Quick View: EU’s extra time raises LSE-DB deal temperature

Posted on November 11, 2016

The London Stock Exchange Group and Deutsche Börse are entitled to feel that the extra time Brussels will have to assess their deal is a positive sign.

In extending their deadline by 15 days to March 6, European antitrust authorities will be able to test the market impact of the LSE selling off the French clearing arm of LCH, as it proposes. Interested parties will offer their thoughts when a second round of questionnaires arrives in coming days.

The asset — also known by its old brand name Clearnet — is really only available if Brussels approves the megamerger — and the deal is completed. Divesting the asset has always been likely for deal approval. But is it enough?

The EU’s initial investigation flagged up several areas of concern. The deal could hit competing trading venues that depend on LCH for clearing, such as Paris-based Euronext.

Another concern for the commission is the repo market. It is used for secured short-term funding, and is where banks and corporations can price and source collateral to meet margin requirements for derivatives trades.

The cleared repo market also helped preserve market access for banks for funding from some peripheral Eurozone countries during the financial crisis.

An LSE-DB combination would create an entity with a dominant European position in cleared repo and fixed income trades. One segment, the general collateral triparty cleared repo market, would be particularly affected. Deutsche Börse’s GC Pooling product, backed by the Bundesbank, is really the only available rival to LCH’s €GCPlus, which gives access to the Banque de France.

In theory the merged company could also force its counterparties to settle all cleared repo transactions in Deutsche Börse’s Clearstream settlement house. 

Selling LCH France has always been part of the exchanges’ antitrust tactics — the LSE has long had frustrations that it cannot make some of the cost savings it has wanted to. The LSE’s banker JPMorgan is assessing interest. Likely potential bidders will discover if they are through to the next round in coming weeks. 

Even so, Euronext remains the obvious buyer of an asset it divested in 2003; for growth; to rebuild Paris as a financial hub; and to get a toehold in derivatives clearing.

Analysts at Bank of America Merrill Lynch summed up their third-quarter results this week that: “There’s little to transform the market view on Euronext. Longer term, the company’s success in deploying its M&A potential will be key.”

But more concessions from the LSE and Deutsche Börse may come. For example, the EU flagged up concerns of “a significant loss of competition” in German equities. Deutsche Börse’s Xetra has a 60 per cent market share and the LSE-controlled Turquoise has about 13 per cent. Prising Turquoise away might be painful for the LSE but it is unlikely to be a deal-breaker. There are also rumours that CurveGlobal, the LSE’s new fixed income trading venue, could be up for discussion.

CurveGlobal, Clearnet and Turquoise are all assets from the LSE stable. This is supposed to be a merger of equals. What is Deutsche Börse prepared to part with, and whose deal is this? 

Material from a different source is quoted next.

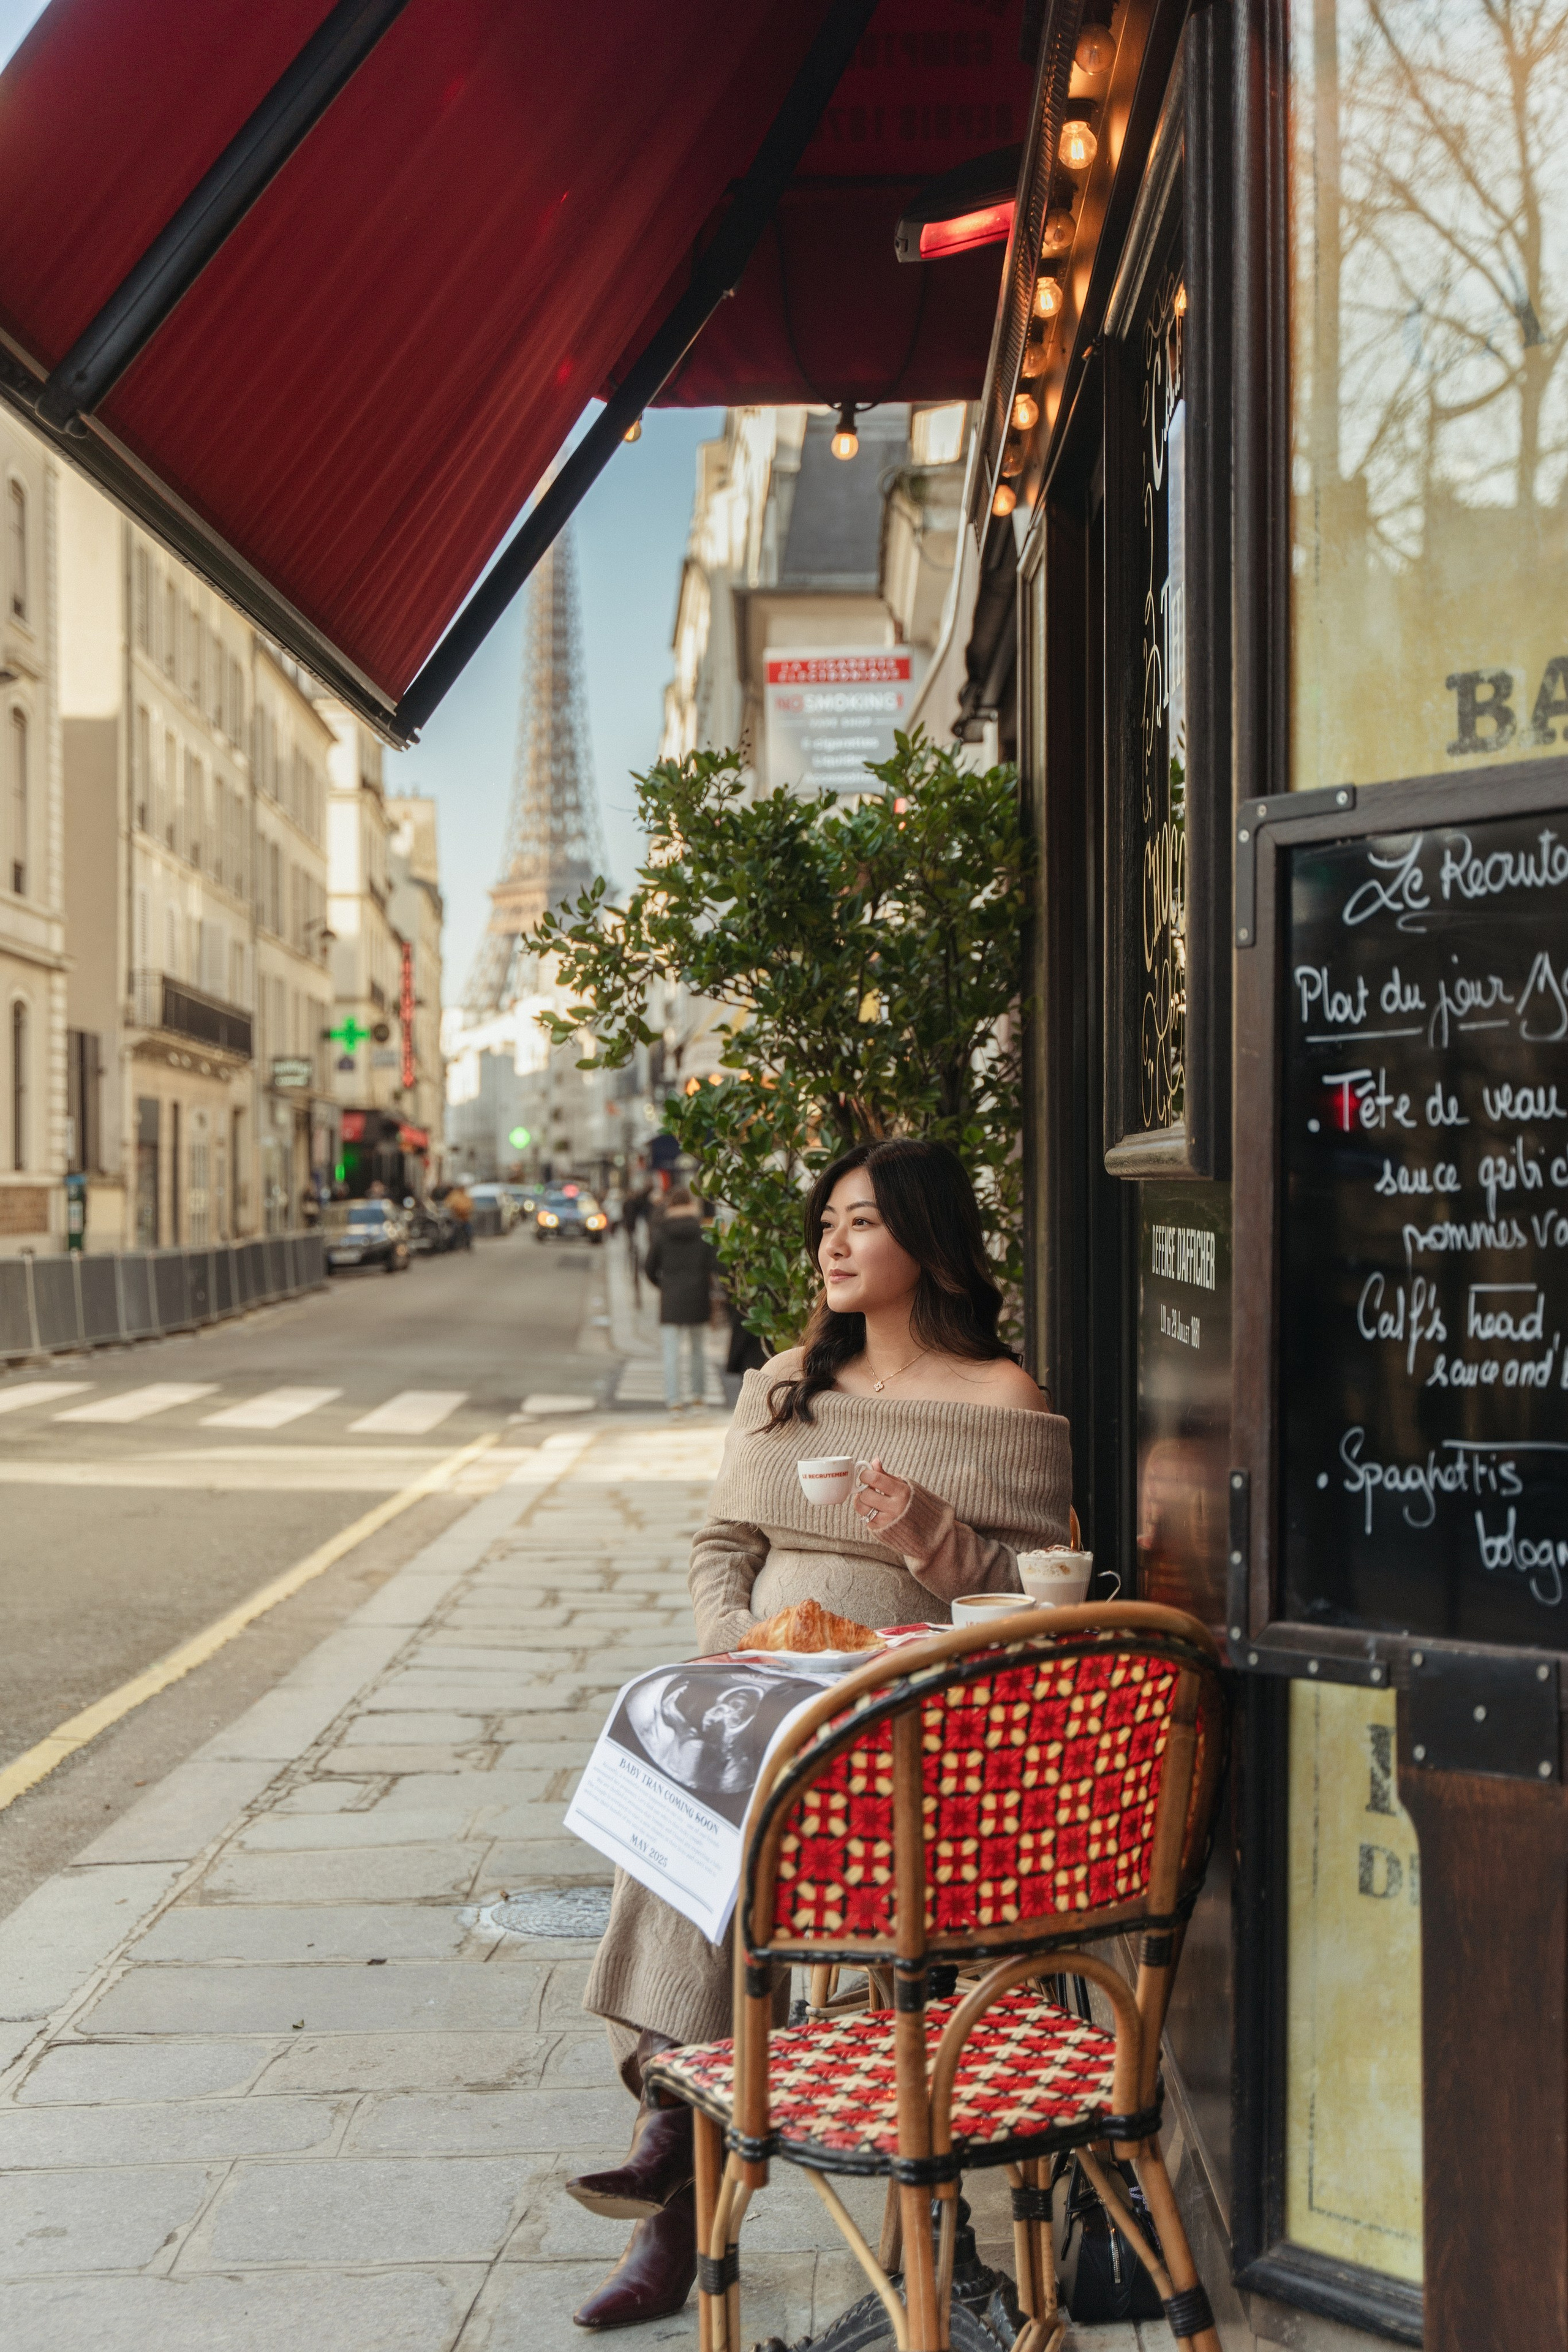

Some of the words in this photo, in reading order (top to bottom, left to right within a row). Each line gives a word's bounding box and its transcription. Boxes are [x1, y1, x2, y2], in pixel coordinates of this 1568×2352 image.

The biggest hurdle is still likely to be in derivatives clearing. Like the repo market, in theory the collateral and margin placed at SwapClear, LCH’s interest rate swaps business, could be diverted to Clearstream. Rules on derivatives mean clearing houses have to leave the margin and collateral they hold for traders at a settlement house.

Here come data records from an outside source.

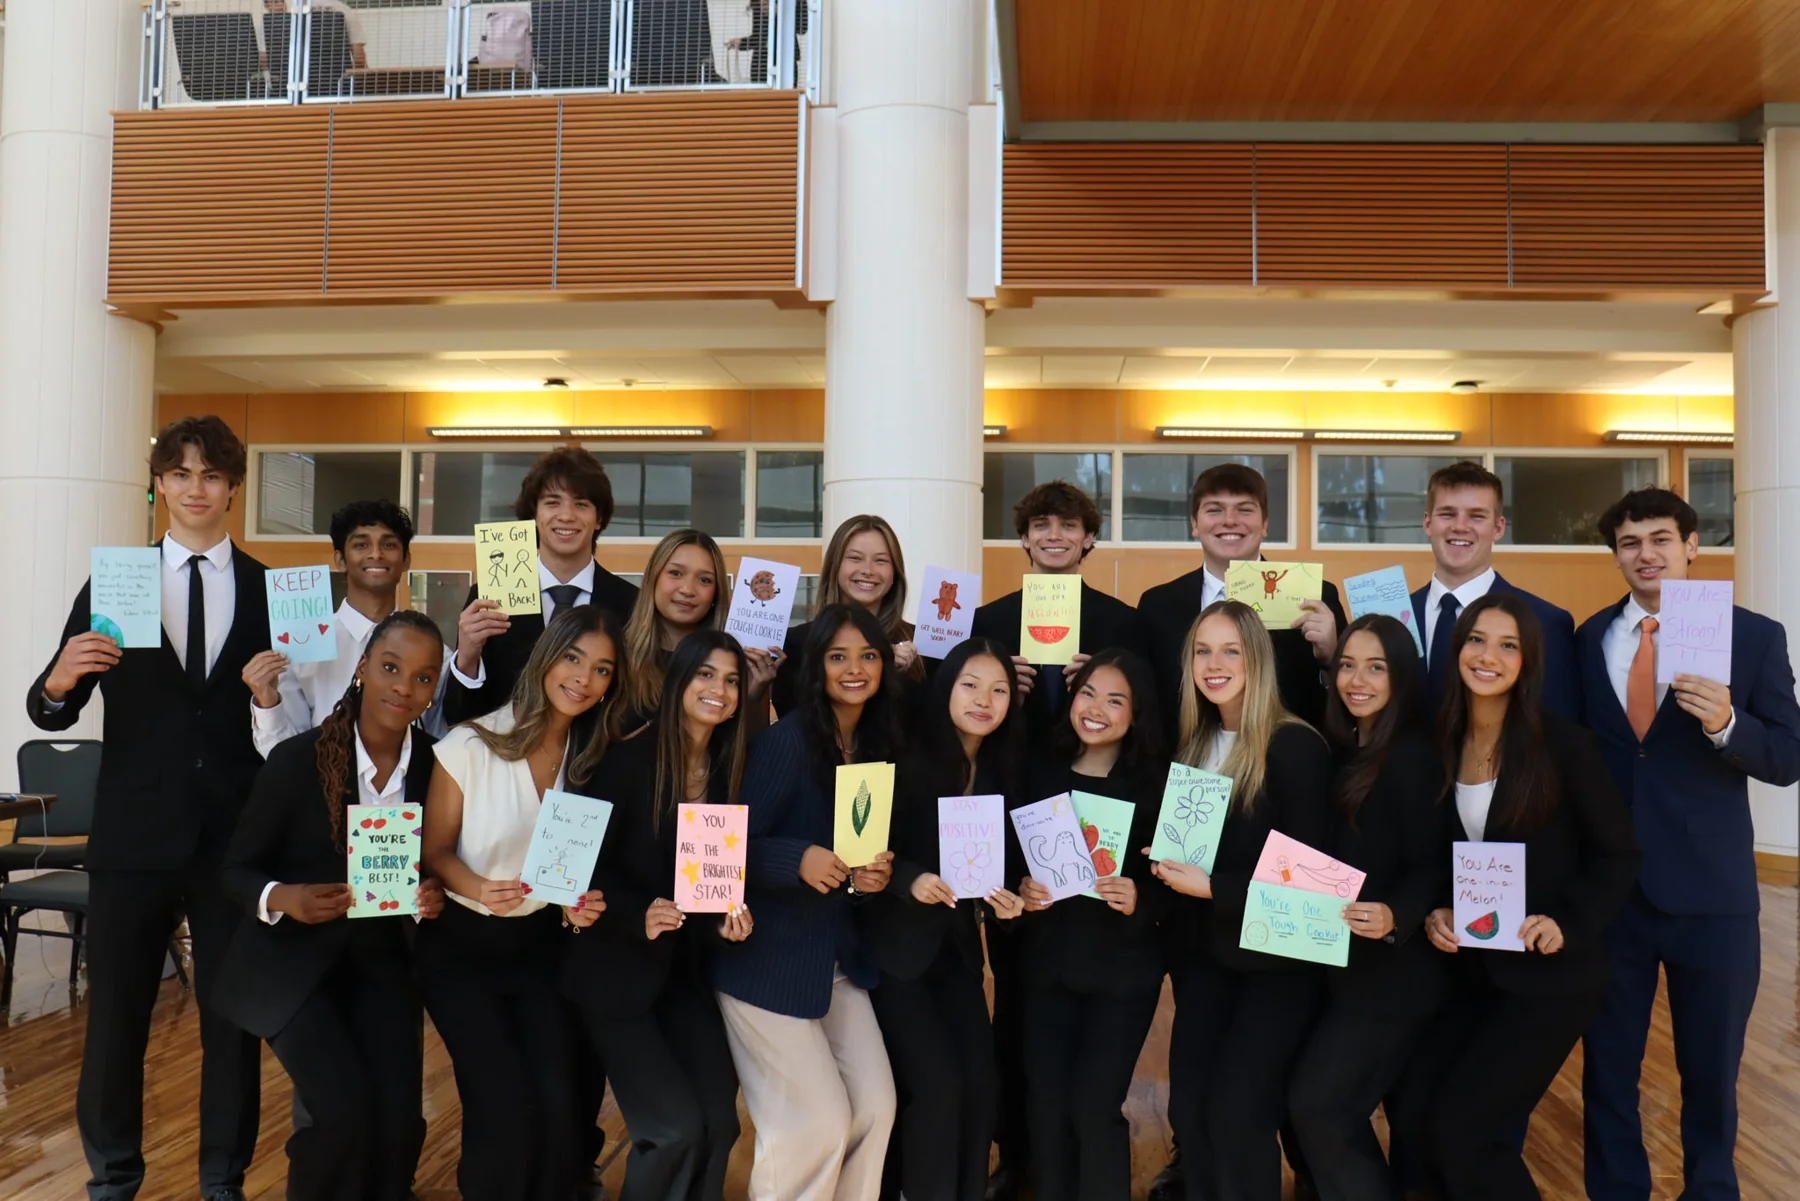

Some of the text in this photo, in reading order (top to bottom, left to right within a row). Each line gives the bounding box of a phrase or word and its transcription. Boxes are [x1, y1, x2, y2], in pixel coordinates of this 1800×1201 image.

[510, 526, 528, 542] Got
[273, 570, 322, 592] KEEP
[271, 596, 328, 620] GOING!
[752, 610, 769, 620] ARE
[769, 613, 785, 623] ONE
[729, 618, 783, 641] TOUGH COOKIE
[952, 800, 979, 811] STAY
[702, 814, 726, 829] YOU
[941, 823, 999, 838] POSITIVE
[368, 834, 407, 844] YOU'RE
[680, 842, 719, 857] ARE THE
[362, 855, 409, 870] BERRY
[1487, 856, 1513, 873] Are
[368, 873, 399, 884] BEST!
[703, 863, 742, 880] BRIGHTEST
[693, 884, 732, 901] STAR!
[1260, 889, 1322, 917] You're One
[1268, 916, 1344, 940] Tough Cookie!

An offer to sell the minor Eurex OTC clearing business is unlikely to sway the commission. If Brussels decides a link between Eurex’s futures and the LCH’s swaps clearing can crimp competition — or that markets for sourcing and the flow of collateral can be cornered — then it may demand that LCH’s SwapClear or Eurex Clearing be hived off too. And for the exchanges, that will almost certainly be a concession too far.